FIELD OF THE INVENTIONSThe inventions described below relate the field of atrial ablation.
BACKGROUND OF THE INVENTIONSAtrial fibrillation is a form of arrhythmia, or irregular heartbeat, in which the atria (the two small upper chambers of the heart) quiver instead of beating effectively. While there are a number of variations of atrial fibrillation with different causes, they all involve irregularities in the transmission of electrical impulses through the heart. As a result of abnormalities in the heart's electrical impulses, the heart is not able to pump the blood out properly, and it may pool and clot. If a blood clot moves to an artery in the brain, AF can lead to stroke. AF is also associated with increased risks of congestive heart failure and cardiomyopathy. These risks warrant medical attention for patients with AF even if the symptoms are mild. Atrial fibrillation is the most common sustained heart rhythm disorder and increases the risk for heart disease and stroke, both leading causes of death in the United States. Over 2 million adults in the United States have been diagnosed with atrial fibrillation.
Various ablation techniques have been proposed to treat atrial fibrillation, including the Cox-Maze procedure, linear ablation of various regions of the atrium, and circumferential pulmonary vein ablation. Each of these techniques has its various drawbacks. The Cox-Maze procedure and linear ablation procedures are tedious and time-consuming, taking up to several hours to accomplish endocardially. Circumferential ablation is proving to lead to rapid stenosis and occlusion of the pulmonary veins, and of course is not applicable to treatment of the septal wall of the left atrium. The catheter mounted electrode arrays described in our co-pending patent application Kunis, et al., Atrial Ablation Catheter and Method of Use, U.S. application Ser. No. 10/997,172 filed Nov. 24, 2004 provide for more efficient and effective treatment of atrial fibrillation. The treatment of the septal wall is facilitated with the devices and methods described below, which permit septal wall treatment from a percutaneous venous access route without the need to maneuver a distally facing electrode array in apposition to the septal wall.

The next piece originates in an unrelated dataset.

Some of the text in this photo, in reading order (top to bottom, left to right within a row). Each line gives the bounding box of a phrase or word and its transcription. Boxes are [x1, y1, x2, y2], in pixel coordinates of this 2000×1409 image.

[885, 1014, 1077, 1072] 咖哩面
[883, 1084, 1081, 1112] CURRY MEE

SUMMARYThe devices and methods described below provide for a simplified approach to the treatment of atrial fibrillation with substantially improved efficacy and outcomes in patients with paroxysmal or persistent atrial fibrillation, especially for those arrhythmia originating from, or sustained by, arrhythmogenic foci located on the septal wall of the left atrium. An endocardial catheter with an electrode array particularly adapted to locate and ablate foci of arrhythmia which are required for sustained atrial fibrillation is provided. The array is easily deployed and retracted from the catheter, and presents a proximally oriented electrode array that can be pulled against the septal wall of the left atrium to engage the septal wall. A control system comprising an ECG analyzer and a RF power supply operates to analyze electrical signals obtained from the electrode array, determine if an arrhythmogenic focus is present in the area covered by the array, and supply RF power to appropriate electrodes to ablate the focus.

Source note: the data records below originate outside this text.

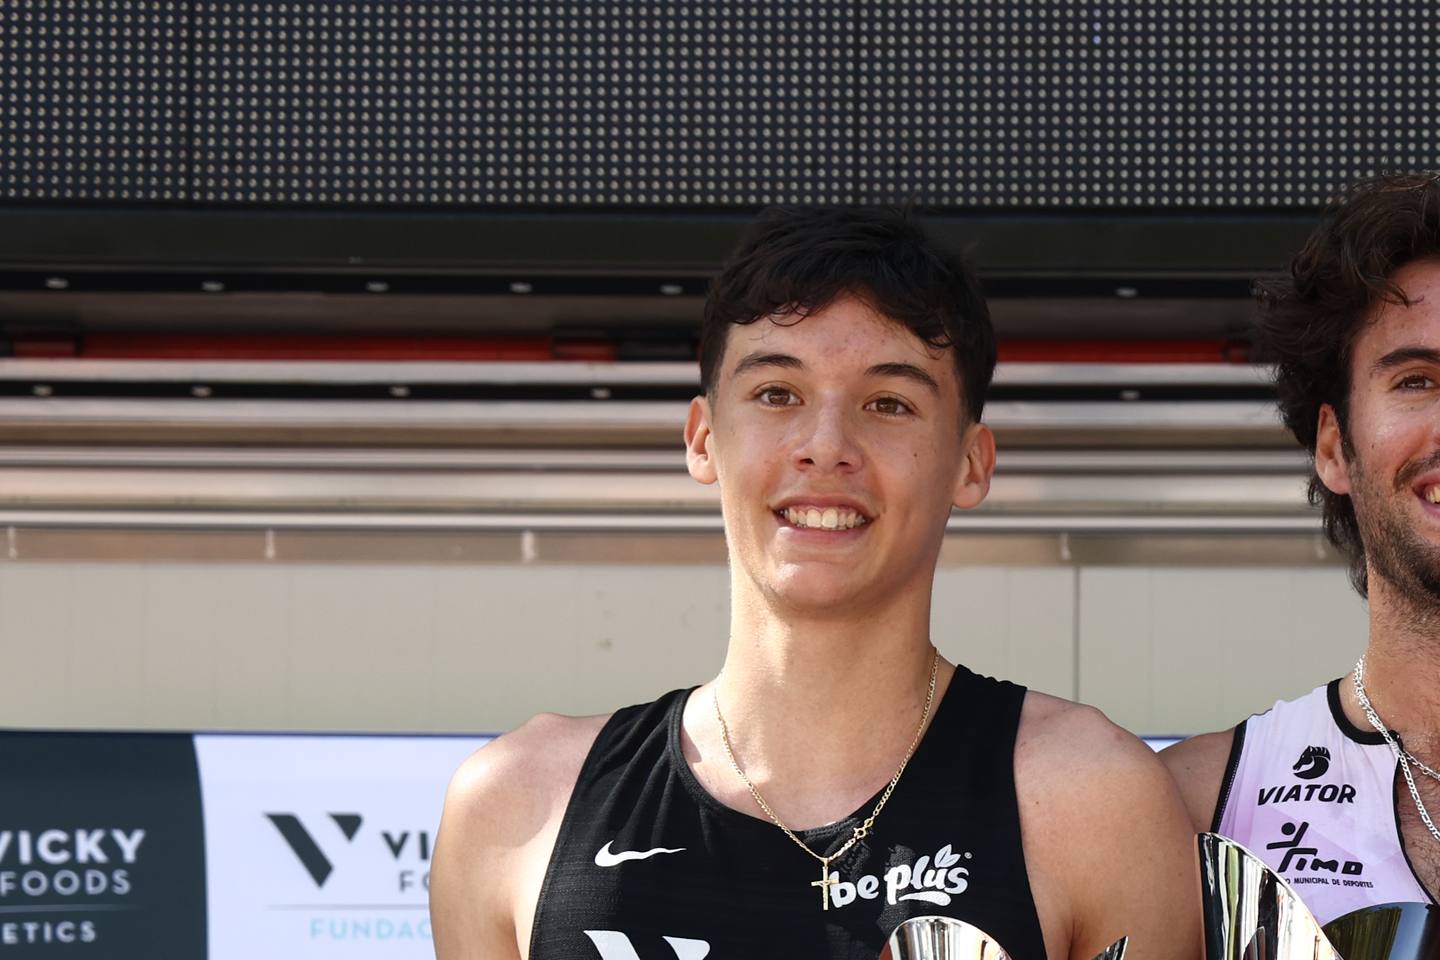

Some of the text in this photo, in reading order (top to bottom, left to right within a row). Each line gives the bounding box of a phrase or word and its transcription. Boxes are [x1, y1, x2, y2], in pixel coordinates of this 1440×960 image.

[1257, 784, 1356, 806] VIATOR
[883, 848, 970, 907] plus
[1293, 877, 1330, 886] MUNICIPAL
[1343, 880, 1375, 889] DEPORTES
[1, 920, 97, 944] ETICS
[309, 917, 432, 941] FUNDAC

BRIEF DESCRIPTION OF THE DRAWINGS
To accomplish ablation of the septal wall of the left atrium, a catheter is inserted into the atrium, preferably through the inferior vena cava 20, as shown in the illustration, or through the superior vena cava 21, into the right atrium and then into left atrium. When passing into the left atrium, as illustrated, the catheter penetrates the fossa ovalis (a trans-septal puncture will facilitate the crossing). The catheter 22 carries a distal electrode array 23 into the atrium, and this electrode array is adapted to be pulled into contact with the section of the atrial wall surrounding the fossa ovalis. The electrode array is electrically connected to circuitry in a control system 24 which is operable to analyze electrical signals detected by the electrodes and pass RF current through the electrodes and heart tissue to ablate the tissue. A surface electrode 25 is mounted on the patient's body (typically on the back) to permit use of the electrodes in monopolar modes. A return electrode 26 may also be provided on the catheter 22, proximal to the electrode array. Using the catheter, an electrophysiologist will map regions of the septal wall of the left atrium and apply energy through the catheter to ablate any arrhythmogenic foci which are identified in the mapping procedure. The procedure may be repeated as necessary on the septal wall, rotating the array if necessary, to ablate all detected foci.

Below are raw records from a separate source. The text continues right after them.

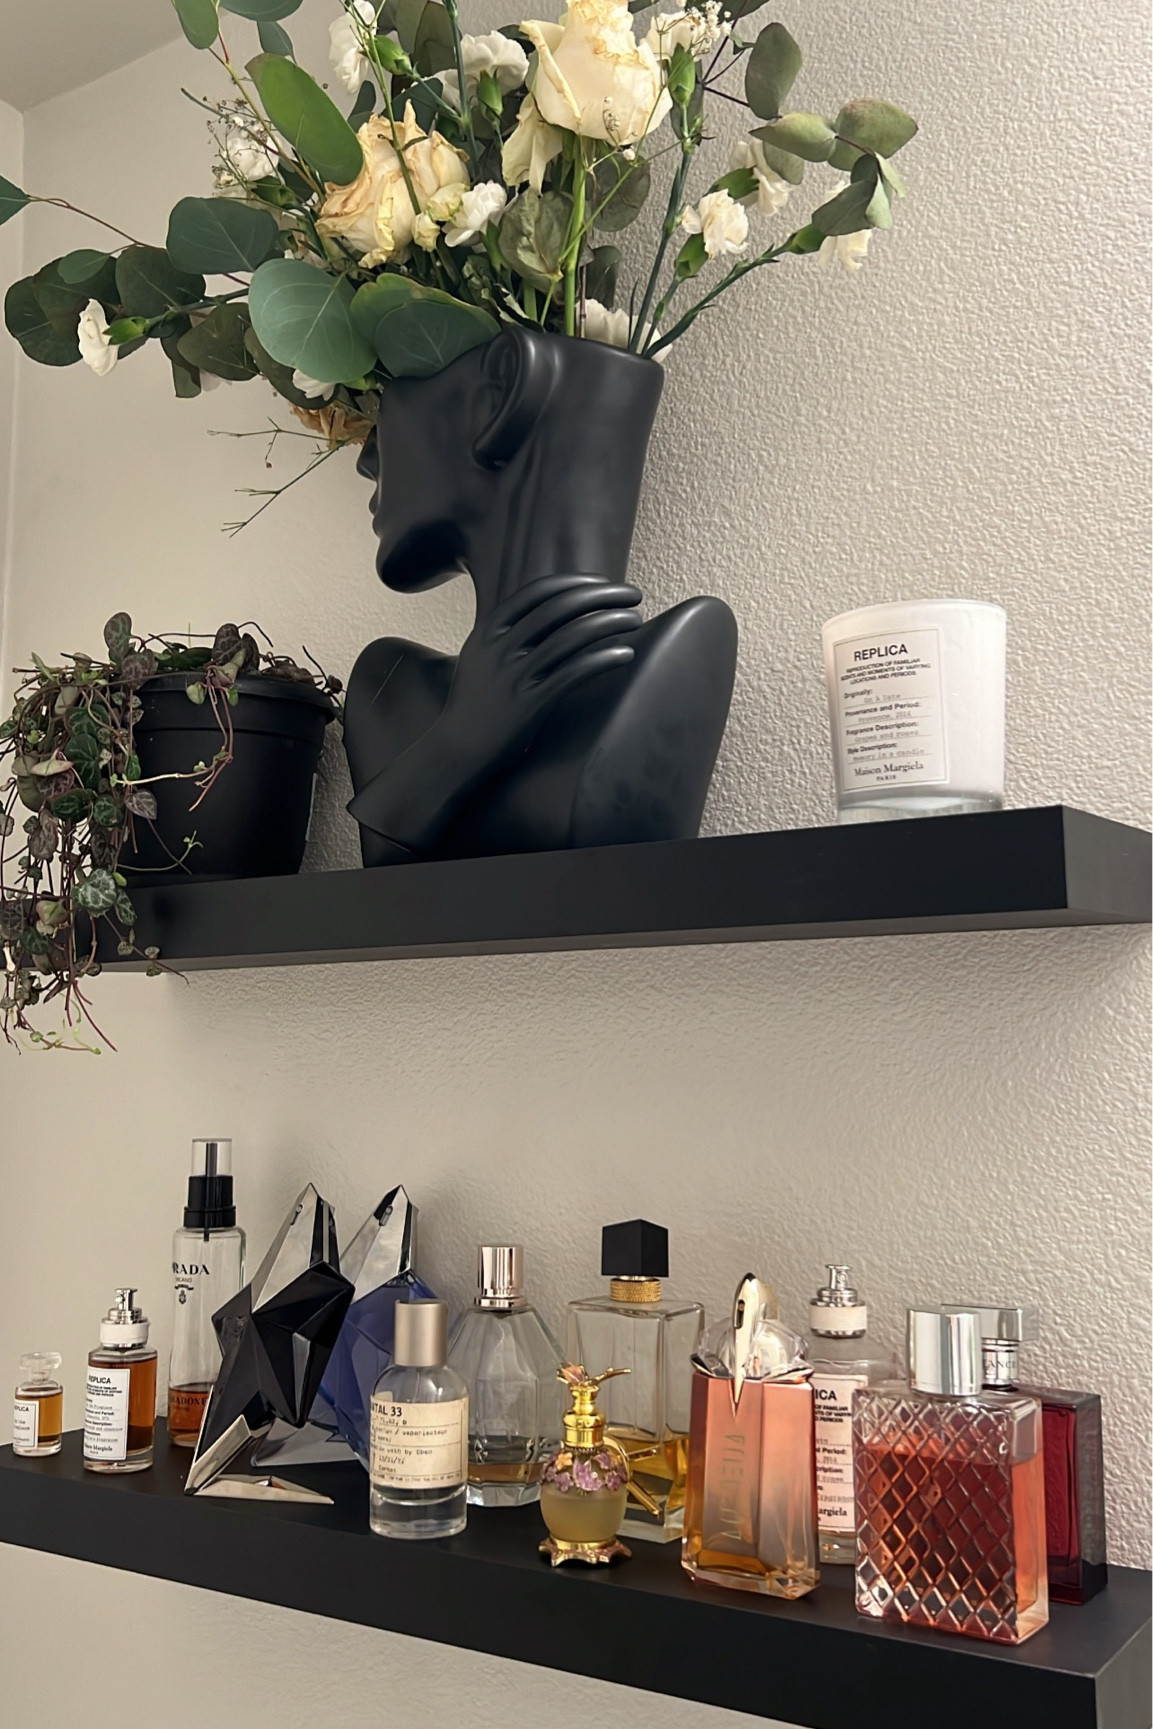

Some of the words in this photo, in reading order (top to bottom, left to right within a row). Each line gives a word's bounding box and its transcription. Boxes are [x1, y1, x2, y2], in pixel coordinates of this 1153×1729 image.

[854, 643, 908, 661] REPLICA
[880, 704, 893, 712] and
[875, 722, 918, 732] Description:
[884, 760, 924, 773] Margiela
[172, 1261, 210, 1275] RADA
[391, 1406, 402, 1417] 33
[818, 1507, 847, 1517] argiela

The electrode array includes a number electrodes 40 mounted on the proximal section 42 of each array arm, and the distal section 41 need not have any electrodes disposed on it, as is shown. The overall shape of each arm is elongate on an axis perpendicular to the long axis of the catheter, having a radial length R which is several times the axial length A.
The resilient expansion of the electrode array pushes the floating tube 44 proximally into the inner catheter tube. When the outer catheter tube is pushed distally over the electrode array, the distal electrode arms will be forced distally, as the proximal segments are compressed inwardly starting from the proximal end, to first splay the distal segments toward and through a perpendicular relationship with the floating tube such that the joint between the arms and the floating tube is distal to the bend point, while drawing the floating tube distally within the inner catheter tube.
After contact has been established between the atrium wall and the electrode array, the operator will analyze electrical signals detected by the electrodes to determine if the array has been placed over an arrhythmogenic focus. If it has, the operator may energize any of the electrodes, as appropriate, to ablate the focus. Bipolar RF energy may be applied between pairs of the electrodes, or monopolar energy may be applied to any of the electrodes (grounded to the surface electrode or a return electrode located proximally on the catheter body). The array may moved off the septal wall, rotated slightly, and reseated against the septal wall to test and treat the entire area surrounding the fossa ovalis with just a few array arms (alternatively, the array may be provided with many arms, such that the electrode density it sufficient to find an ablate all significant foci within its footprint). Linear lesions may be created using the electrodes along a single proximal arm, operating the electrodes in bipolar mode, and other therapeutic lesions may be created using electrodes pairs established between the electrodes of one arm and the electrodes of another arm, operating such pairs in bipolar mode, or operating electrodes in conjunction with return electrodes in a monopolar mode.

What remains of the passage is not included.